▶ [What you are asked to do]:
Your copy must hold every line of the records word for word. It must hold no pictures.

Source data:

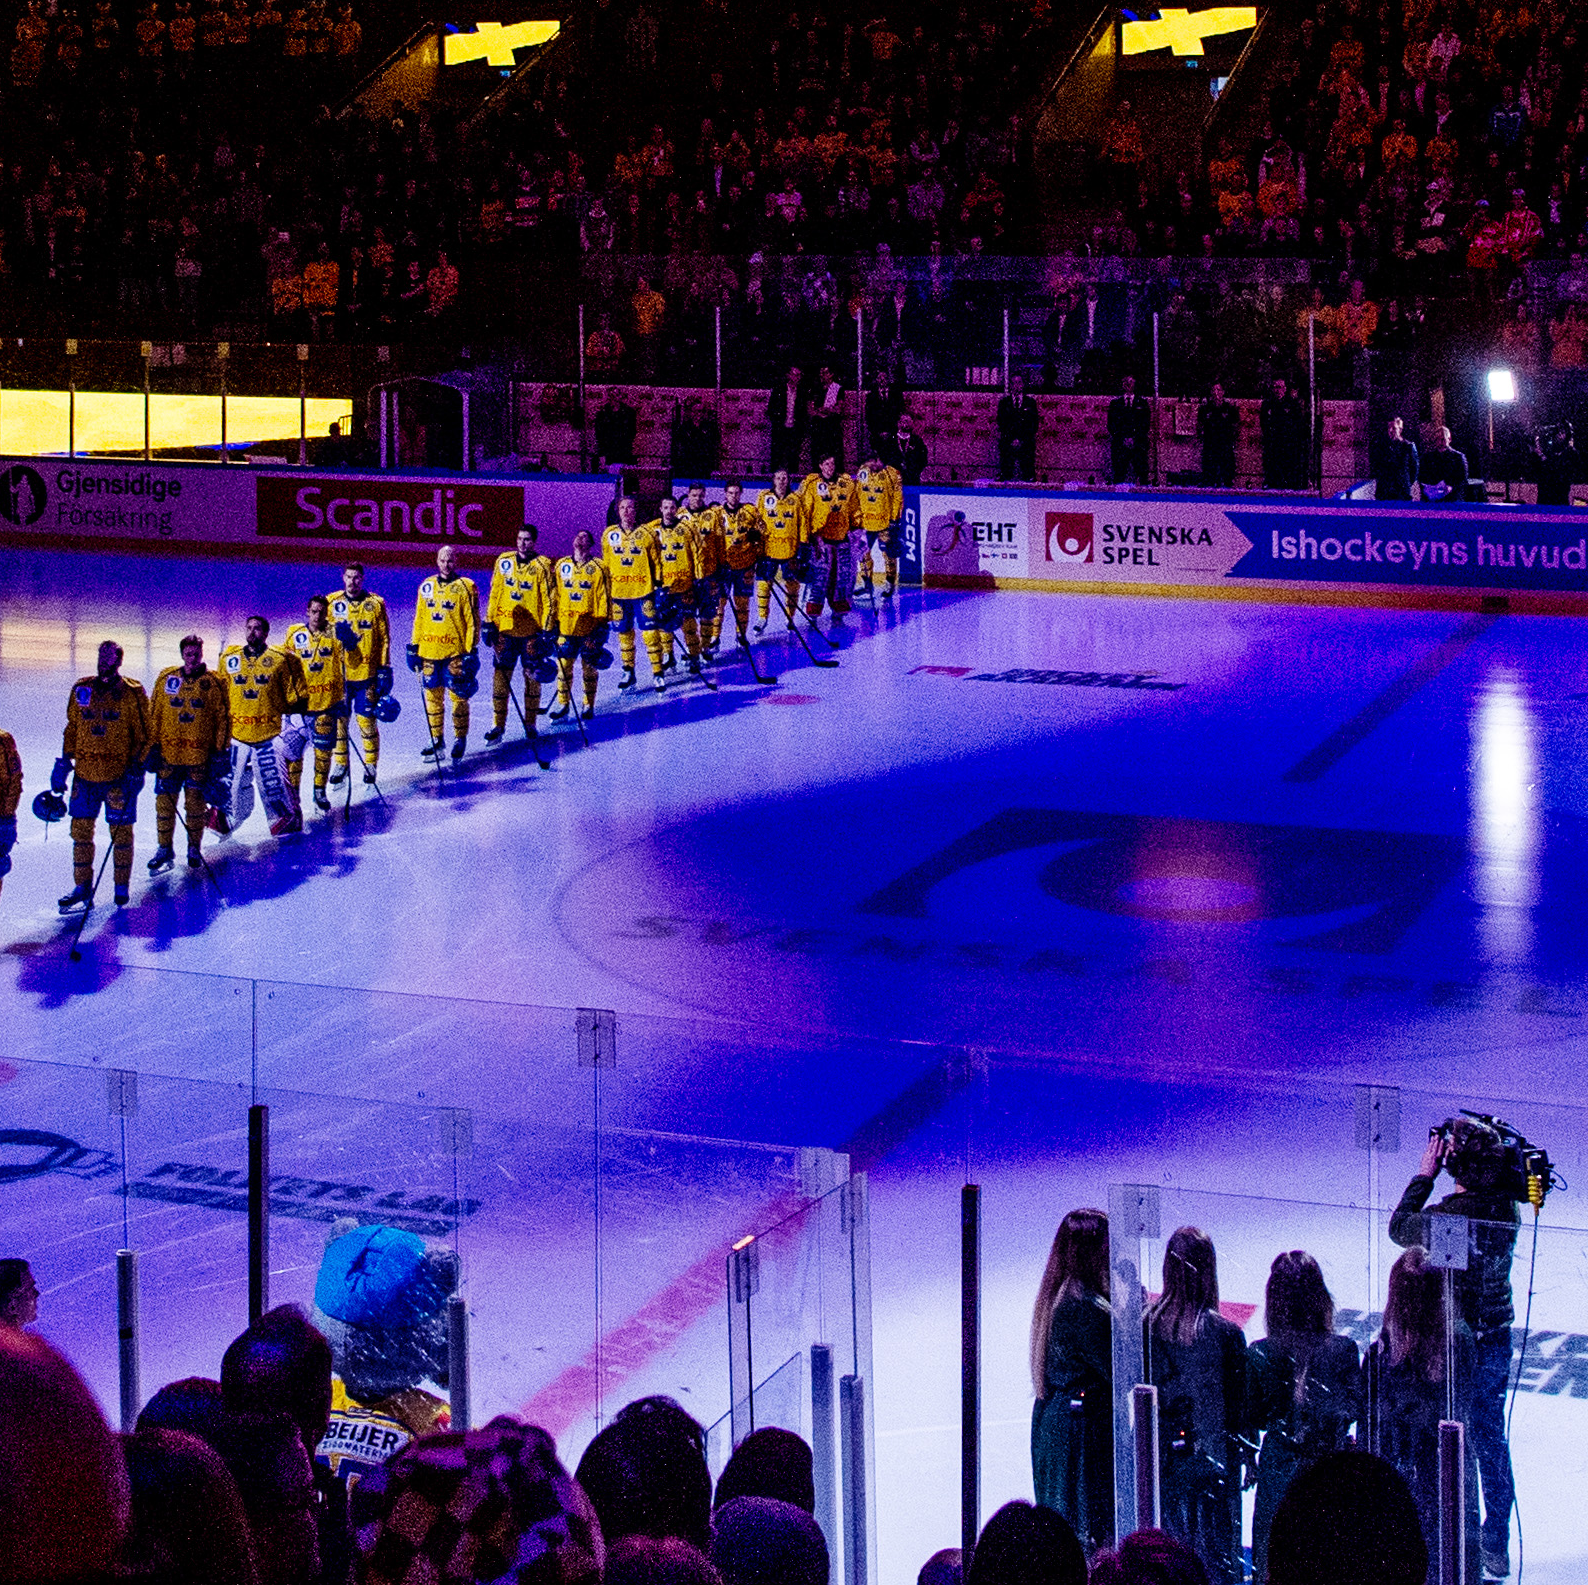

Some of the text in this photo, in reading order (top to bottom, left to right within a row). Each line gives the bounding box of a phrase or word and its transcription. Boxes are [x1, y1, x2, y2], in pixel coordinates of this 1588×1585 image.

[57, 471, 182, 500] Gjensidige
[295, 487, 485, 539] Scandic
[904, 508, 917, 563] CCM
[1103, 524, 1213, 546] SVENSKA
[1270, 528, 1470, 572] Ishockeyns
[1103, 546, 1161, 567] SPEL
[326, 1421, 398, 1452] BEIJER
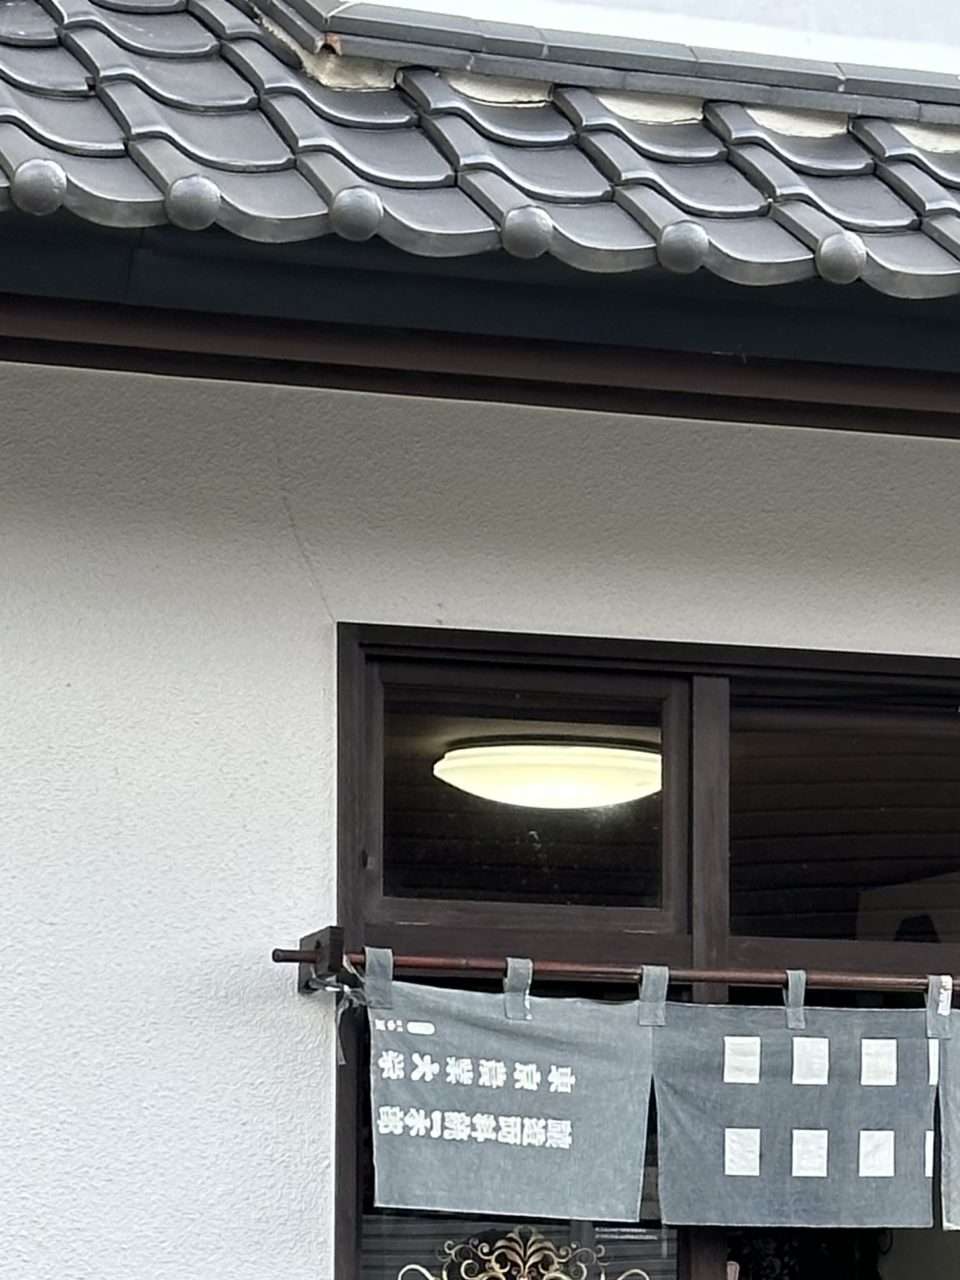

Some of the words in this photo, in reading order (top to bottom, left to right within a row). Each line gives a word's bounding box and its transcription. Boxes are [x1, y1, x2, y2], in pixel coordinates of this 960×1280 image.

[378, 1051, 576, 1094] 東京農業大学
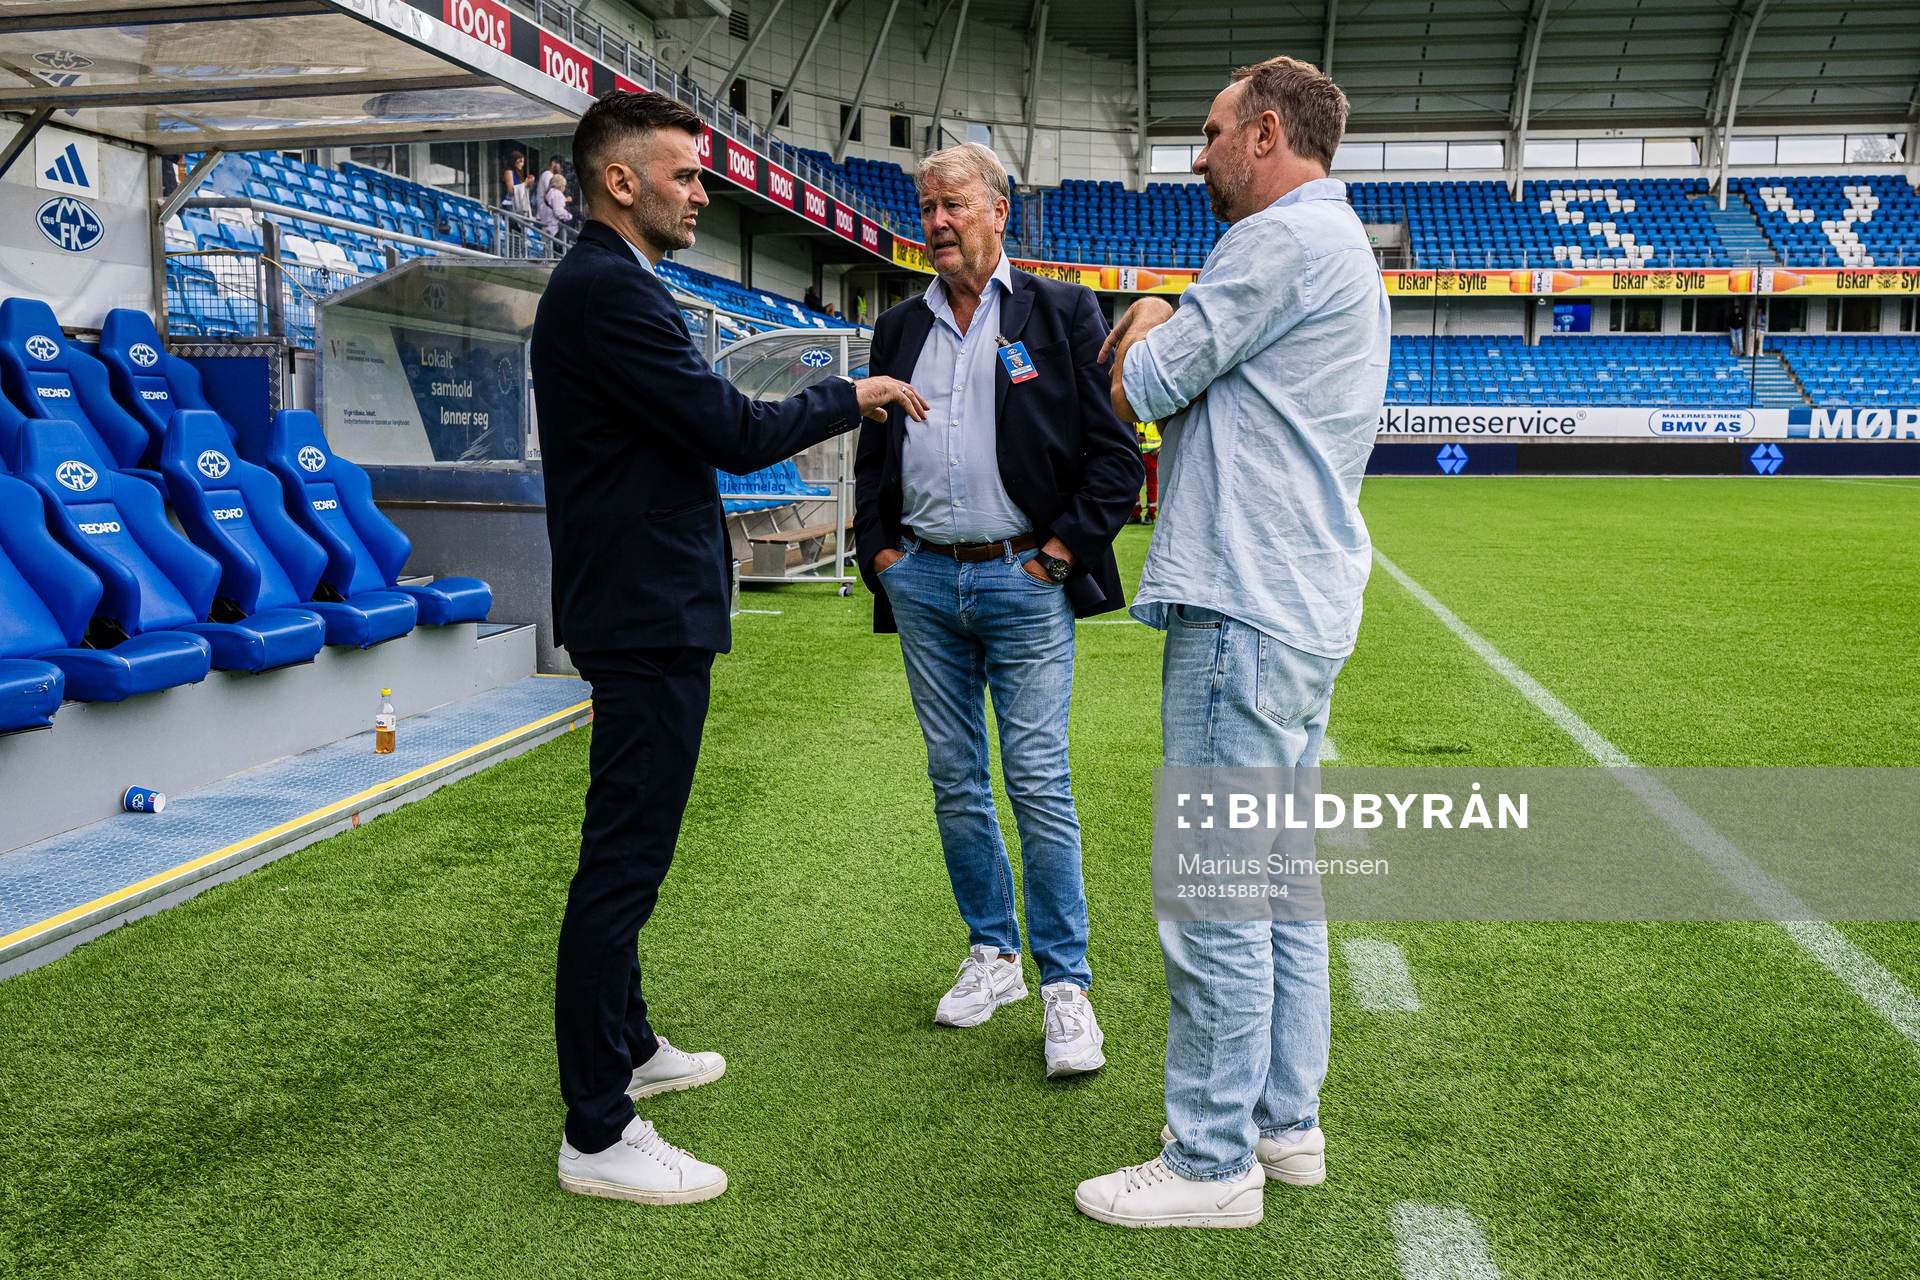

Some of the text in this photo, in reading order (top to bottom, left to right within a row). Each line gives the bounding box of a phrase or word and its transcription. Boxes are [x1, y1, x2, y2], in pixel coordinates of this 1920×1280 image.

[450, 0, 506, 50] TOOLS
[543, 45, 589, 94] TOOLS
[729, 149, 755, 181] TOOLS
[770, 172, 792, 201] TOOLS
[806, 191, 825, 218] TOOLS
[836, 209, 853, 230] TOOLS
[862, 224, 878, 246] TOOLS
[1058, 266, 1080, 284] Sylte
[1399, 273, 1432, 290] Oskar
[1459, 273, 1487, 293] Sylte
[1613, 272, 1648, 290] Oskar
[1676, 272, 1705, 292] Sylte
[1836, 272, 1873, 290] Oskar
[421, 347, 454, 369] Lokalt
[37, 387, 70, 398] RECARO
[431, 380, 472, 398] samhold
[440, 406, 489, 430] lønner seg
[1662, 421, 1741, 432] BMV AS
[1809, 408, 1920, 439] MØR
[720, 480, 786, 494] Hjemmelag
[312, 500, 337, 511] ECARO
[79, 521, 120, 535] RECARO
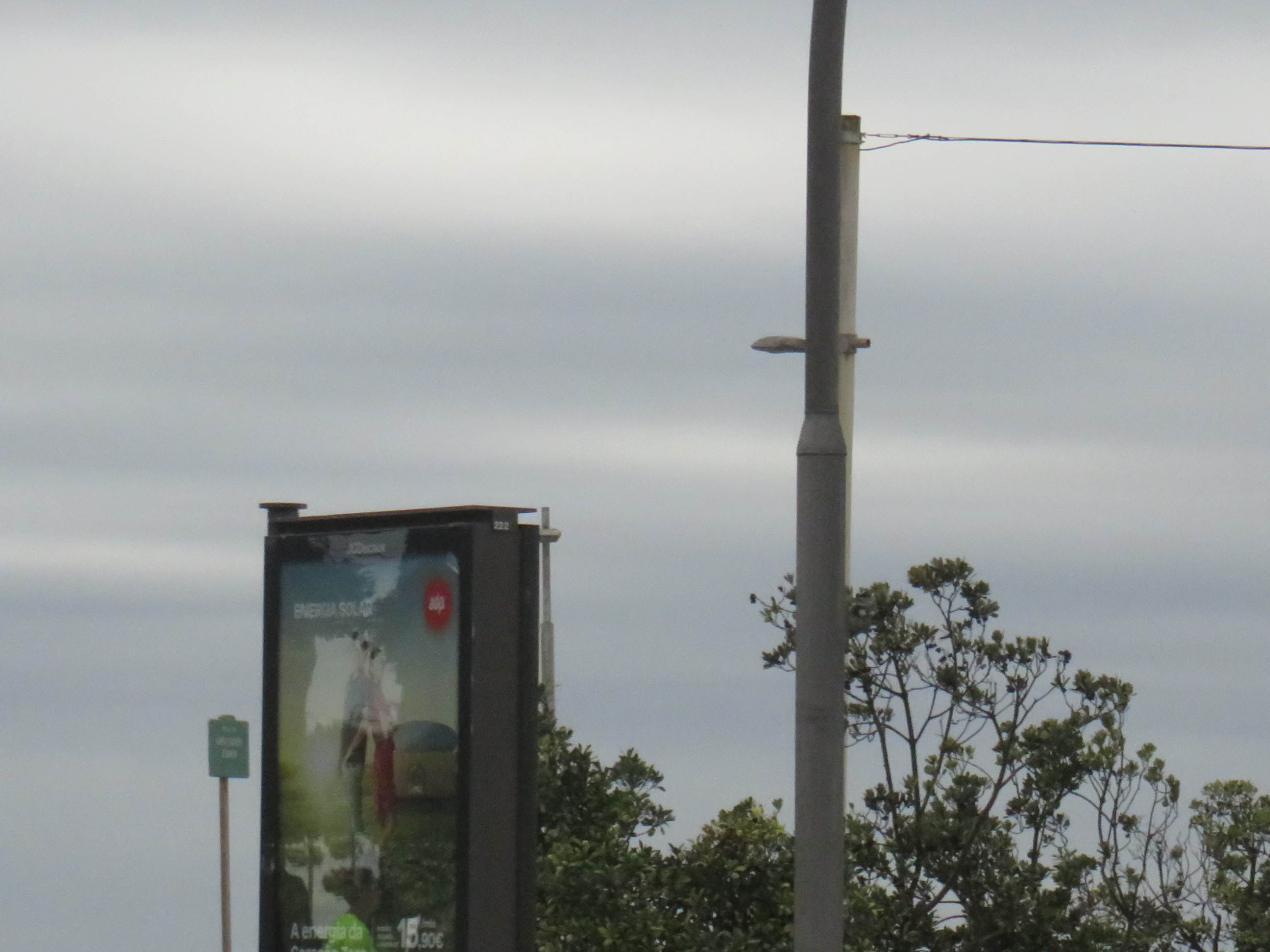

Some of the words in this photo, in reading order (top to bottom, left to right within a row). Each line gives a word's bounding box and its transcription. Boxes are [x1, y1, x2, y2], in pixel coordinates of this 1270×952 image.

[493, 521, 510, 530] 222
[291, 923, 300, 939] A
[302, 924, 346, 943] energia
[350, 923, 363, 940] da

▶ [Response to the task]:
Some of the text in this photo, in reading order (top to bottom, left to right within a row). Each line gives the bounding box of a phrase or word and its transcription. Boxes are [x1, y1, x2, y2], in pixel coordinates of this 1588×1585 image.

[57, 471, 182, 500] Gjensidige
[295, 487, 485, 539] Scandic
[904, 508, 917, 563] CCM
[1103, 524, 1213, 546] SVENSKA
[1270, 528, 1470, 572] Ishockeyns
[1103, 546, 1161, 567] SPEL
[326, 1421, 398, 1452] BEIJER

Some of the words in this photo, in reading order (top to bottom, left to right within a row). Each line gives a word's bounding box and its transcription. Boxes are [x1, y1, x2, y2], in pixel coordinates of this 960×1280 image.

[378, 1051, 576, 1094] 東京農業大学

Some of the text in this photo, in reading order (top to bottom, left to right within a row). Each line gives the bounding box of a phrase or word and its transcription. Boxes are [x1, y1, x2, y2], in pixel coordinates of this 1920×1280 image.

[450, 0, 506, 50] TOOLS
[543, 45, 589, 94] TOOLS
[729, 149, 755, 181] TOOLS
[770, 172, 792, 201] TOOLS
[806, 191, 825, 218] TOOLS
[836, 209, 853, 230] TOOLS
[862, 224, 878, 246] TOOLS
[1058, 266, 1080, 284] Sylte
[1399, 273, 1432, 290] Oskar
[1459, 273, 1487, 293] Sylte
[1613, 272, 1648, 290] Oskar
[1676, 272, 1705, 292] Sylte
[1836, 272, 1873, 290] Oskar
[421, 347, 454, 369] Lokalt
[37, 387, 70, 398] RECARO
[431, 380, 472, 398] samhold
[440, 406, 489, 430] lønner seg
[1662, 421, 1741, 432] BMV AS
[1809, 408, 1920, 439] MØR
[720, 480, 786, 494] Hjemmelag
[312, 500, 337, 511] ECARO
[79, 521, 120, 535] RECARO

Some of the words in this photo, in reading order (top to bottom, left to right within a row). Each line gives a word's bounding box and its transcription. Boxes are [x1, y1, x2, y2], in pixel coordinates of this 1270×952 image.

[493, 521, 510, 530] 222
[291, 923, 300, 939] A
[302, 924, 346, 943] energia
[350, 923, 363, 940] da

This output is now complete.